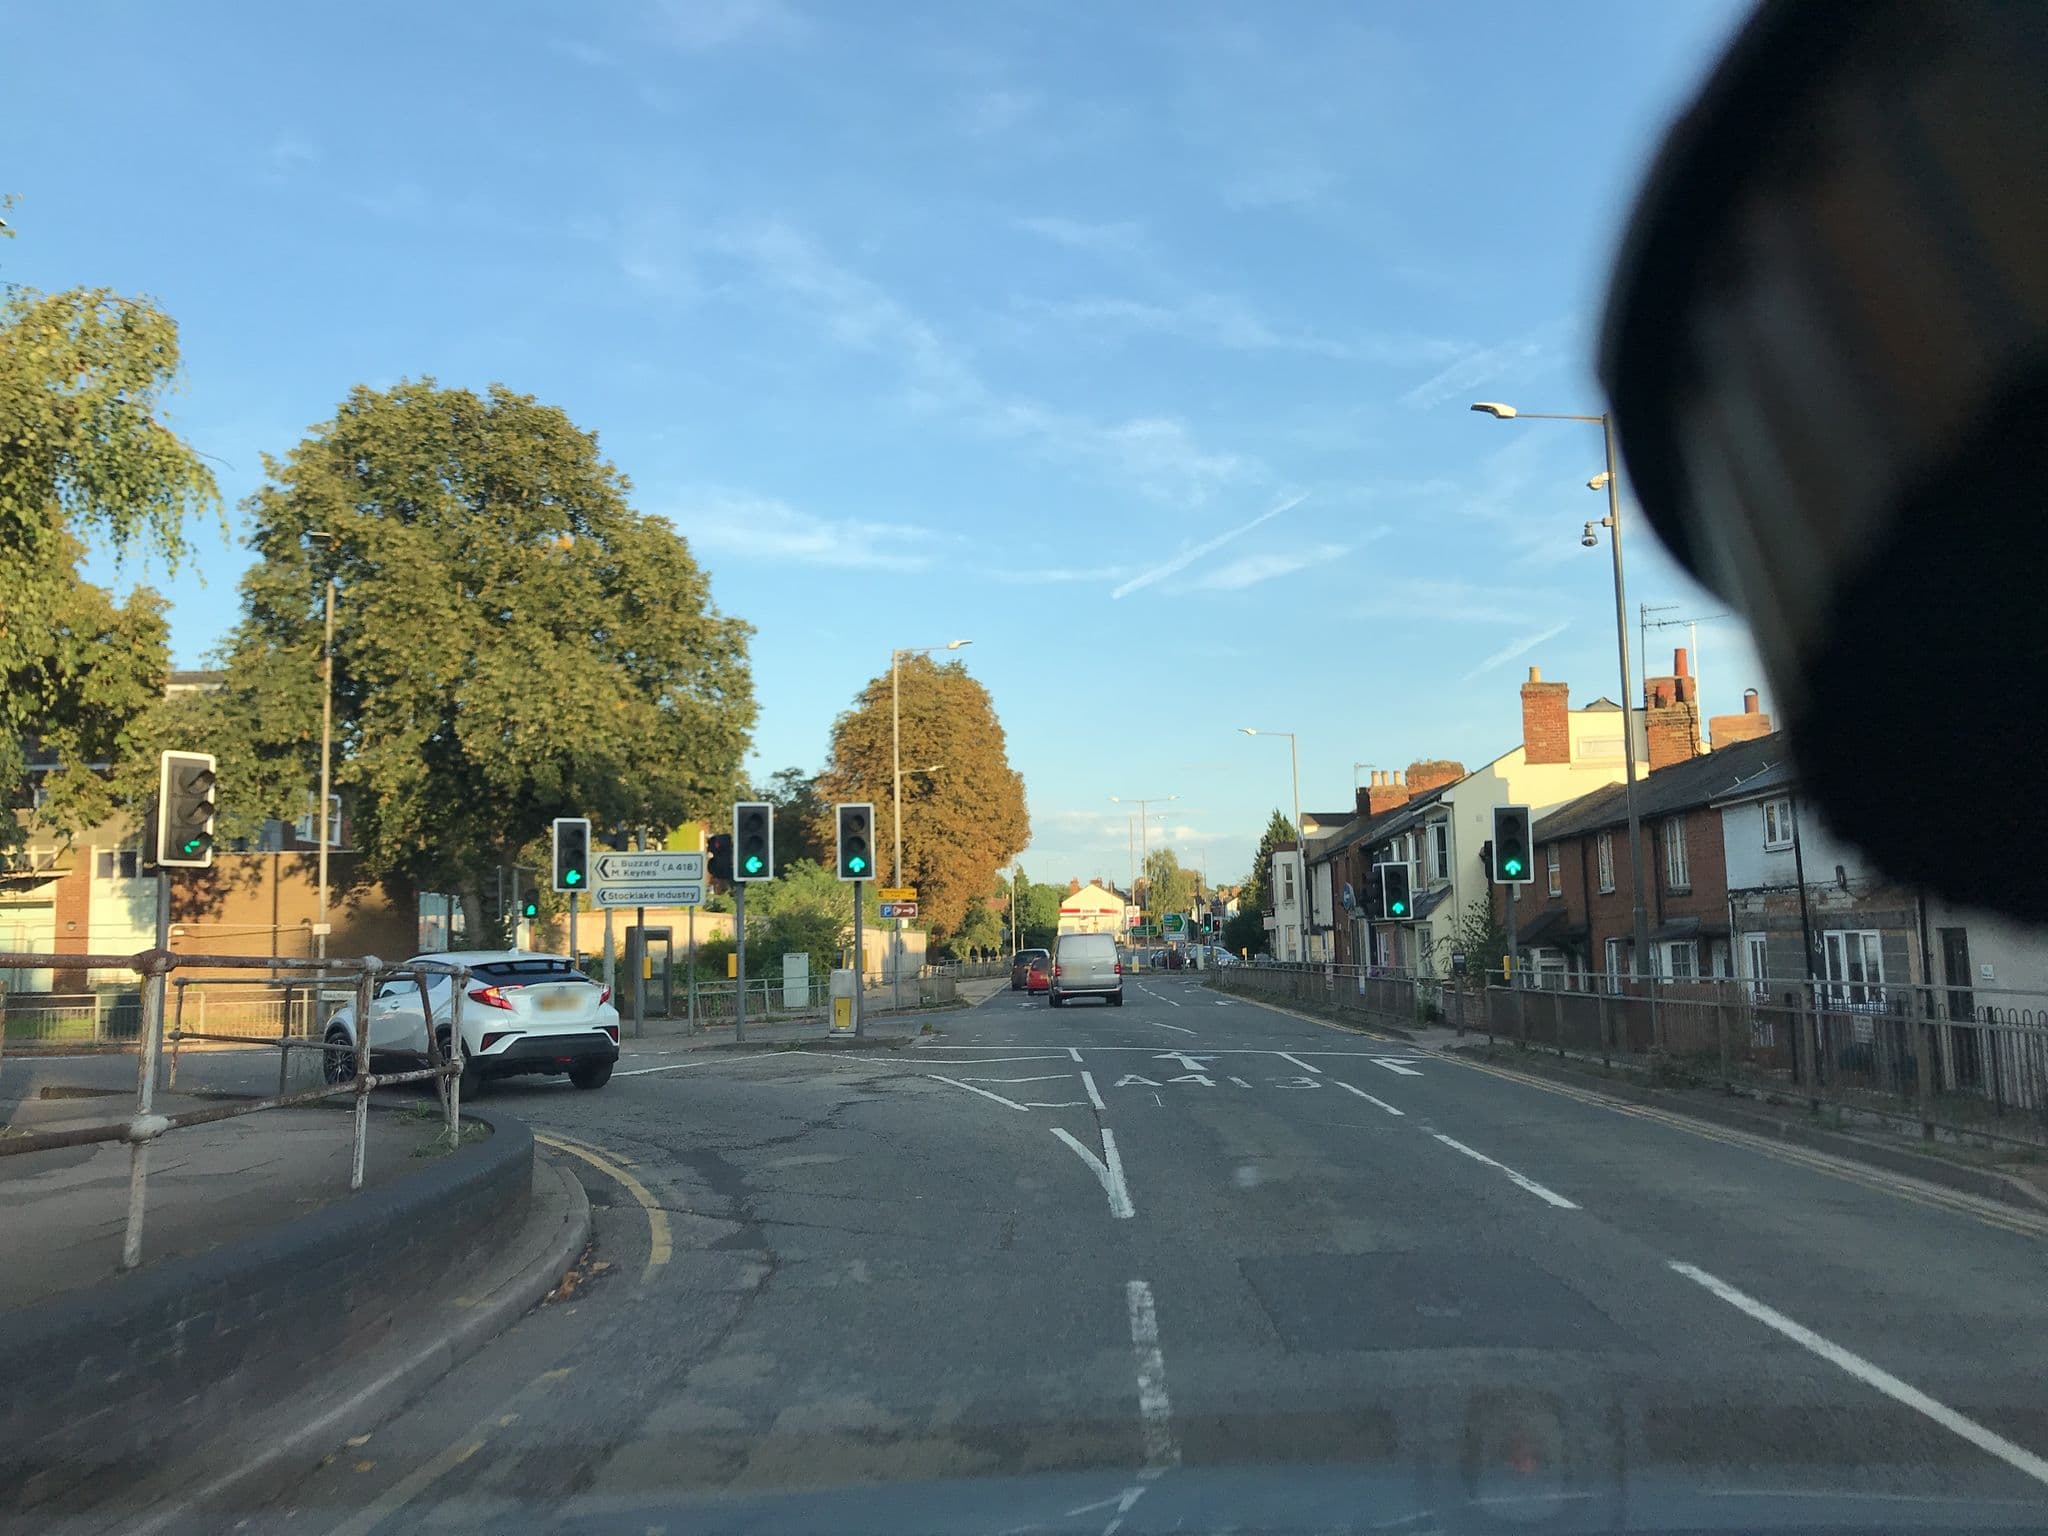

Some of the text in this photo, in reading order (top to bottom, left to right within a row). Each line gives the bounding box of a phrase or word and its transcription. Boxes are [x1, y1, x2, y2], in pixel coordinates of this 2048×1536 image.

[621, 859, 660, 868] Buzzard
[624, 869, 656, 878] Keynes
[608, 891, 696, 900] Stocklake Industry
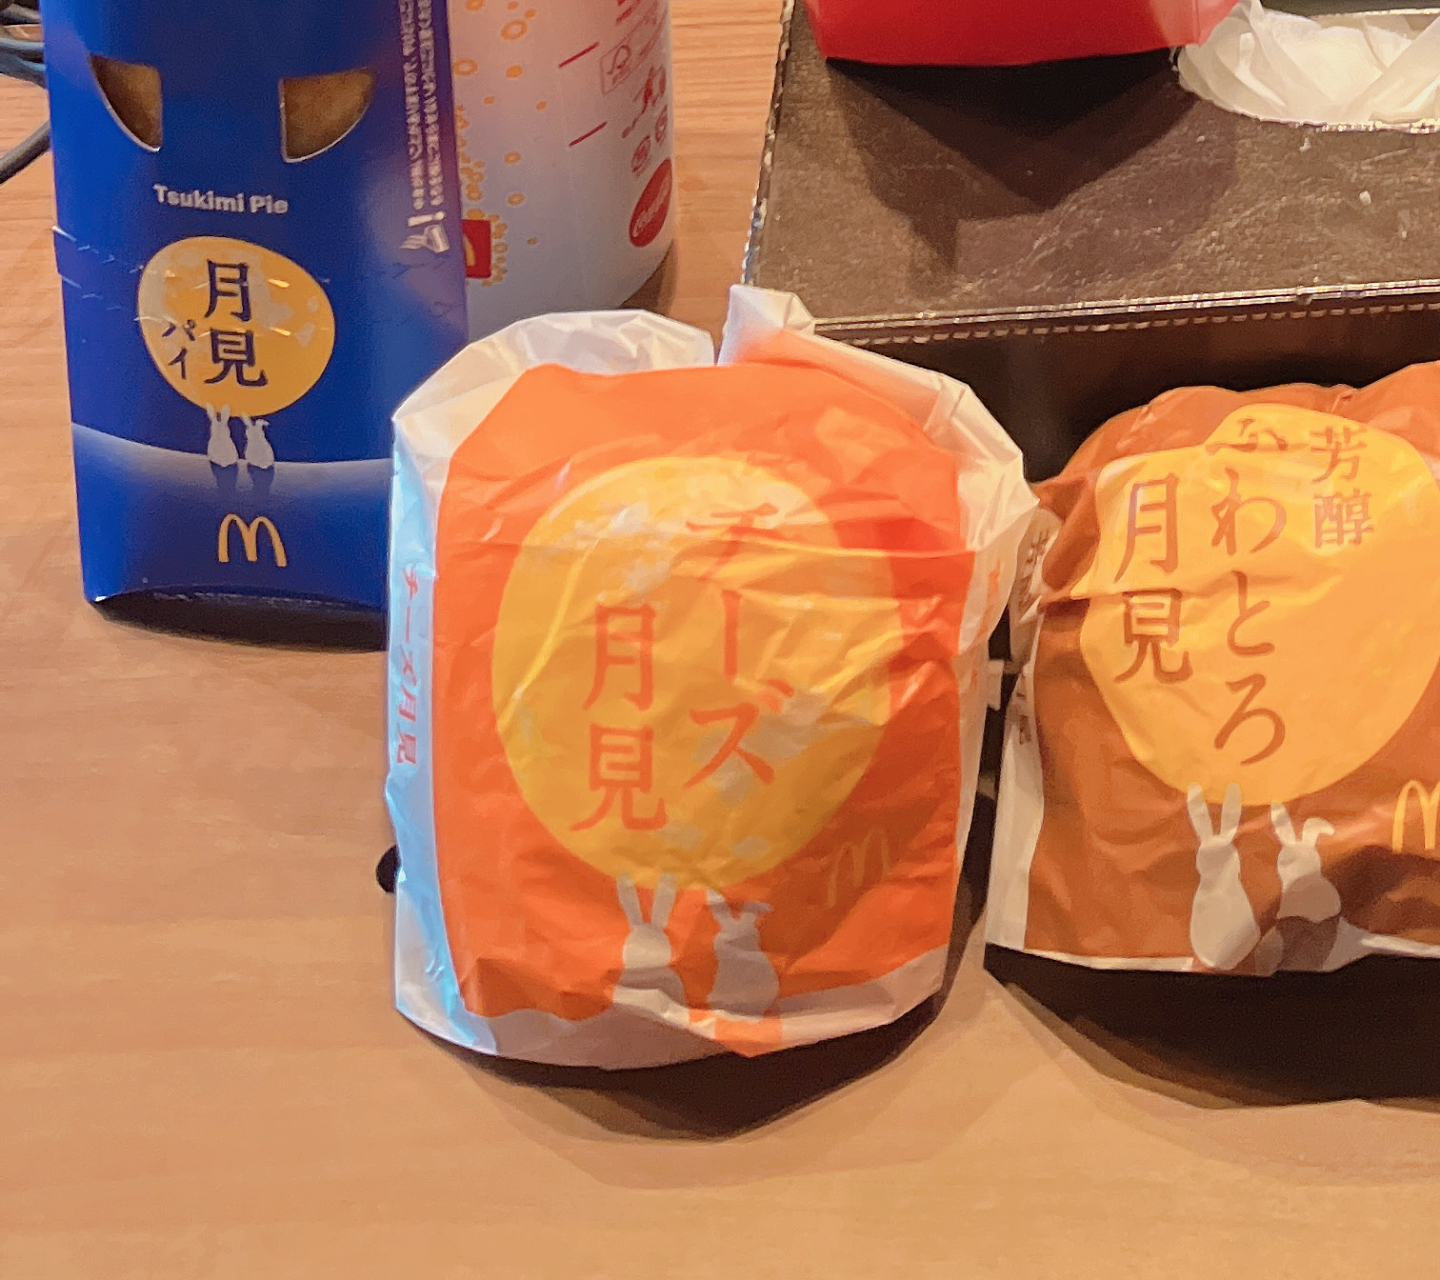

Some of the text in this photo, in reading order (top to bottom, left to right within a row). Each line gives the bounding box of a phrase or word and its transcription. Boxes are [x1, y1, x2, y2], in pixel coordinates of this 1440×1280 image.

### TASK OBJECTIVE:
All of the material above is to be copied exactly, except for its images.

### TASK RESULT:
Some of the text in this photo, in reading order (top to bottom, left to right within a row). Each line gives the bounding box of a phrase or word and its transcription. Boxes are [x1, y1, x2, y2], in pixel coordinates of this 2048×1536 image.

[621, 859, 660, 868] Buzzard
[624, 869, 656, 878] Keynes
[608, 891, 696, 900] Stocklake Industry

Some of the text in this photo, in reading order (top to bottom, left to right within a row). Each line gives the bounding box of a phrase or word and its transcription. Boxes are [x1, y1, x2, y2], in pixel coordinates of this 1440×1280 image.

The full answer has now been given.